WITH ILLUSTRATIONS
I had the luck to meet a Sergeant-Major, who was the Sergeant-Major of one’s dreams. He had just had sure information that the kilts for his battalion were coming in a few days, so, after three months’ hard work, life smiled upon him. From kilts one naturally went on to the pipes. The battalion had its pipes—a very good set. How did it get them? Well, there was, of course, the Duke. They began with him. And there was a Scots lord concerned with the regiment. And there was a leddy of a certain clan connected with the battalion. Hence the pipes. Could anything be simpler or more logical? And when the kilts came the men would be different creatures. Were they good men, I asked. ‘Yes. Verra good. Wha’s to mislead ‘em?’ said he.

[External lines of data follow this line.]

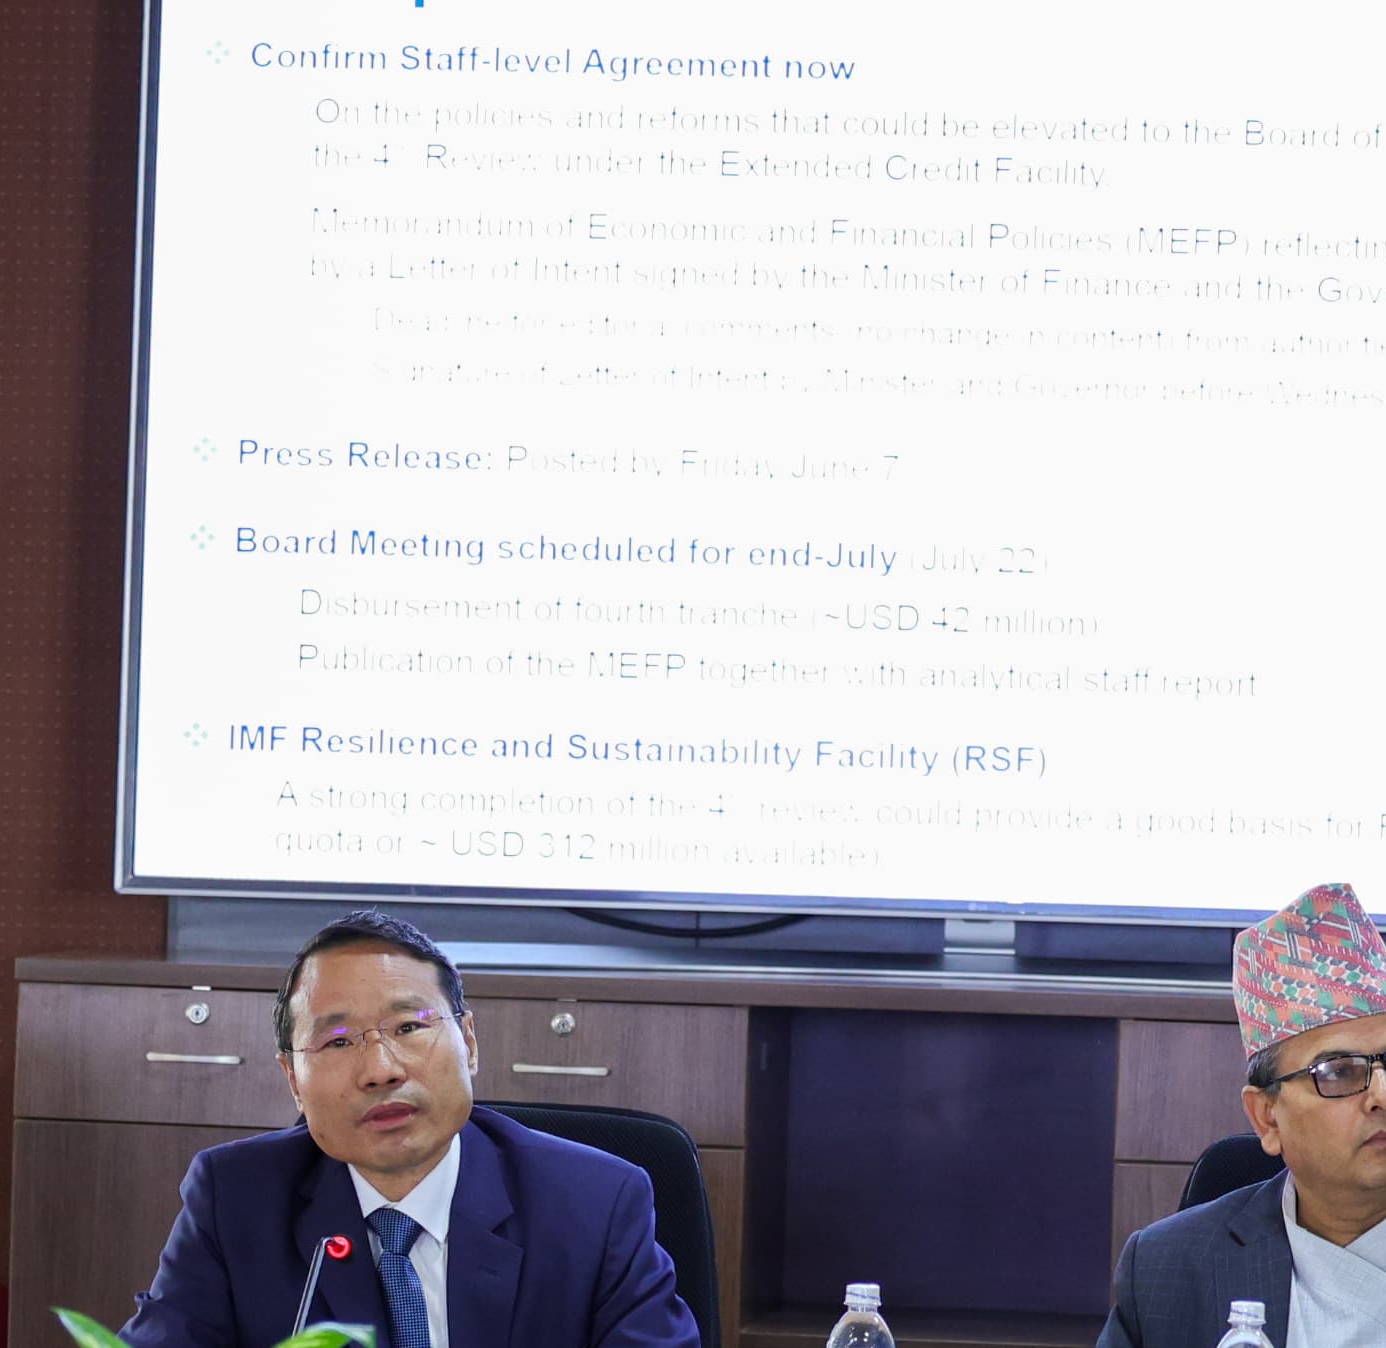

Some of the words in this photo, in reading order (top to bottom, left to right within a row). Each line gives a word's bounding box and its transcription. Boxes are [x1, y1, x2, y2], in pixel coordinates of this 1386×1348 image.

[251, 41, 386, 70] Confirm
[400, 44, 570, 74] Staff-level
[582, 48, 772, 82] Agreement
[785, 60, 855, 80] now
[315, 98, 359, 124] On
[374, 99, 421, 125] the
[435, 101, 553, 134] policies
[566, 104, 624, 129] and
[638, 106, 759, 133] reforms
[771, 107, 831, 135] that
[843, 111, 928, 137] could
[942, 112, 980, 138] be
[992, 113, 1128, 142] elevated
[1141, 119, 1172, 143] to
[1182, 117, 1231, 144] the
[1244, 117, 1339, 148] Board
[1353, 123, 1383, 149] of
[309, 142, 361, 167] the
[555, 148, 642, 175] under
[659, 149, 707, 176] the
[719, 150, 872, 180] Extended
[885, 152, 981, 184] Credit
[310, 207, 533, 238] Memorandum
[546, 213, 576, 237] of
[588, 213, 746, 242] Economic
[758, 219, 817, 244] and
[829, 216, 974, 248] Financial
[989, 223, 1112, 251] Policies
[1126, 224, 1249, 256] (MEFP)
[358, 261, 375, 277] a
[389, 253, 475, 280] Letter
[491, 257, 523, 280] of
[534, 256, 621, 284] Intent
[632, 260, 738, 293] signed
[800, 263, 849, 288] the
[863, 263, 987, 293] Minister
[1001, 269, 1029, 293] of
[1043, 265, 1171, 296] Finance
[1184, 274, 1241, 299] and
[1253, 274, 1304, 301] the
[238, 439, 333, 468] Press
[348, 441, 491, 471] Release:
[507, 445, 617, 473] Posted
[790, 454, 869, 479] June
[883, 454, 901, 480] 7
[236, 526, 336, 556] Board
[350, 529, 484, 566] Meeting
[498, 534, 676, 563] scheduled
[689, 538, 736, 565] for
[749, 541, 897, 576] end-July
[300, 587, 524, 621] Disbursement
[534, 595, 565, 621] of
[575, 596, 664, 624] fourth
[677, 599, 797, 628] tranche
[931, 606, 971, 634] 42
[297, 644, 472, 673] Publication
[486, 648, 516, 675] of
[526, 650, 575, 677] the
[588, 648, 686, 680] MEFP
[699, 656, 827, 688] together
[919, 664, 1070, 692] analytical
[1084, 667, 1150, 693] staff
[1163, 673, 1256, 702] report
[229, 724, 288, 752] IMF
[301, 726, 478, 757] Resilience
[491, 733, 553, 759] and
[567, 733, 801, 772] Sustainability
[816, 740, 938, 776] Facility
[953, 745, 1046, 778] (RSF)
[277, 780, 300, 807] A
[310, 784, 408, 815] strong
[421, 788, 593, 818] completion
[647, 792, 695, 816] the
[877, 800, 961, 825] could
[973, 804, 1092, 832] provide
[1135, 808, 1215, 842] good
[1229, 809, 1312, 836] basis
[1325, 813, 1362, 838] for
[274, 830, 363, 857] quota
[452, 830, 524, 858] USD
[539, 833, 595, 859] 312
[609, 836, 709, 860] million

‘Old soldiers,’ I suggested, meanly enough. ‘Rejoined privates of long ago.’
‘Ay, there might have been a few such in the beginning, but they’d be more useful in the Special Reserve Battalions. Our boys are good boys, but, ye’ll understand, they’ve to be handled—just handled a little.’ Then a subaltern came in, loaded with regimental forms, and visibly leaning on the Sergeant-Major, who explained, clarified, and referred them on the proper quarters.

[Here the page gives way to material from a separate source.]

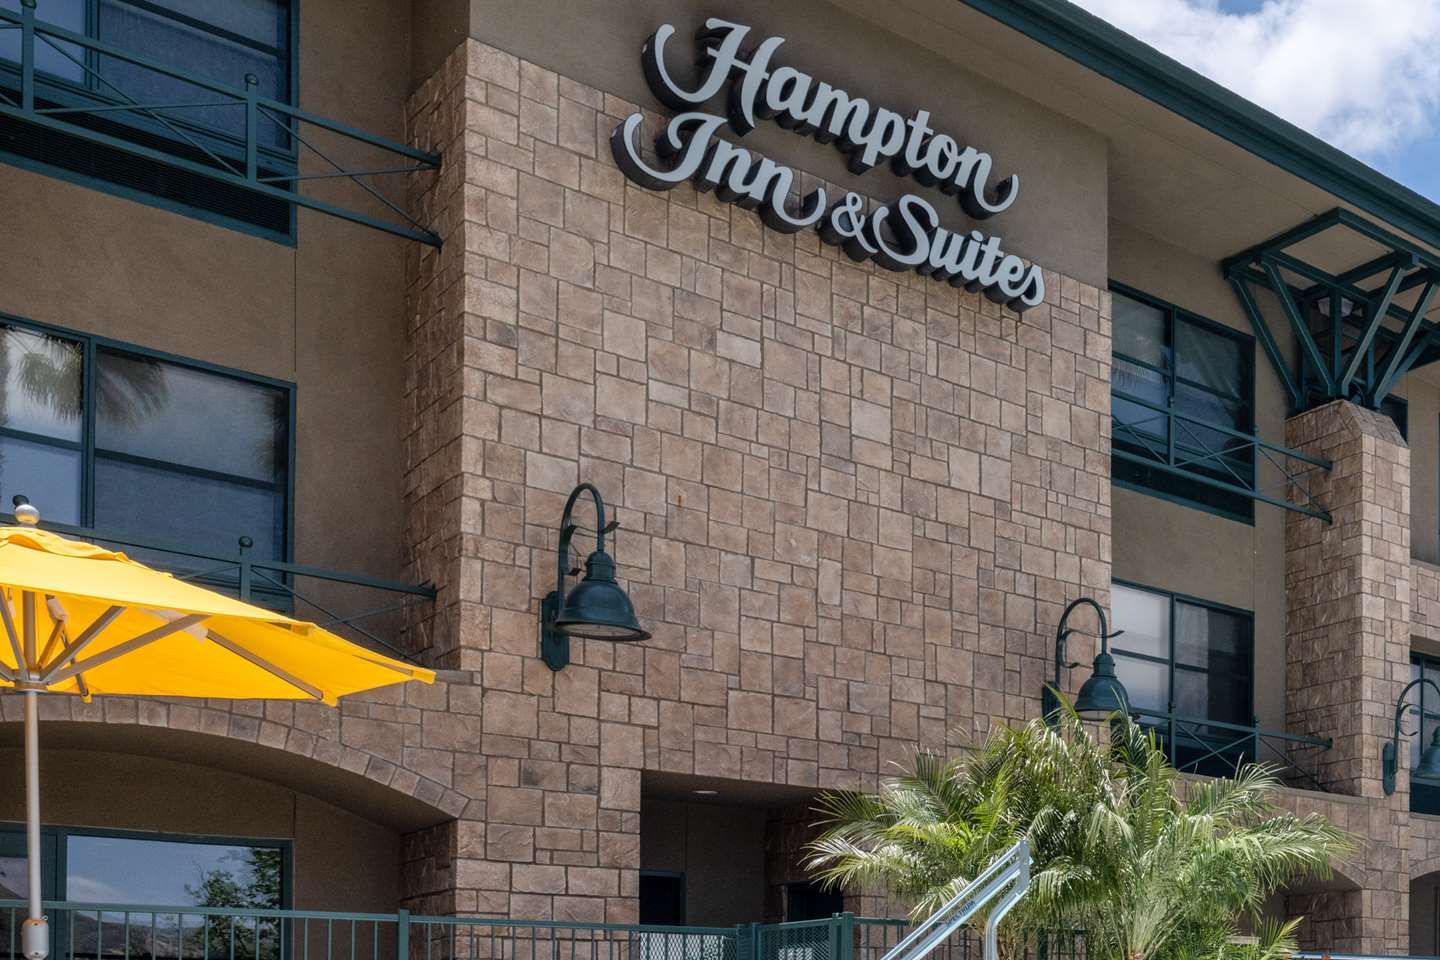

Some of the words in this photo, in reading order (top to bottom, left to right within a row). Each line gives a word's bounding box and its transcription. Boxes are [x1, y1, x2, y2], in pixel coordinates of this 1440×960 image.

[620, 110, 828, 228] Inn
[872, 192, 1047, 308] Suites
[650, 16, 1020, 214] Hampton

‘Does the work come back to you?’ I asked, for he had been long in pleasant civil employ.
‘Ay. It does that. It just does that.’ And he addressed the fluttering papers, lists, and notes, with the certainty of an old golfer on a well-known green.
Squads were at bayonet practice in the square. (They like bayonet practice, especially after looking at pictures in the illustrated dailies.) A new draft was being introduced to its rifles. The rest were getting ready for evening parade. They were all in khaki, so one could see how they had come on in the last ten weeks. It was a result the meekest might have been proud of, but the New Army does not cultivate useless emotions. Their officers and their instructors worked over them patiently and coldly and repeatedly, with their souls in the job: and with their soul, mind, and body in the same job the men took—soaked up—the instruction. And that seems to be the note of the New Army.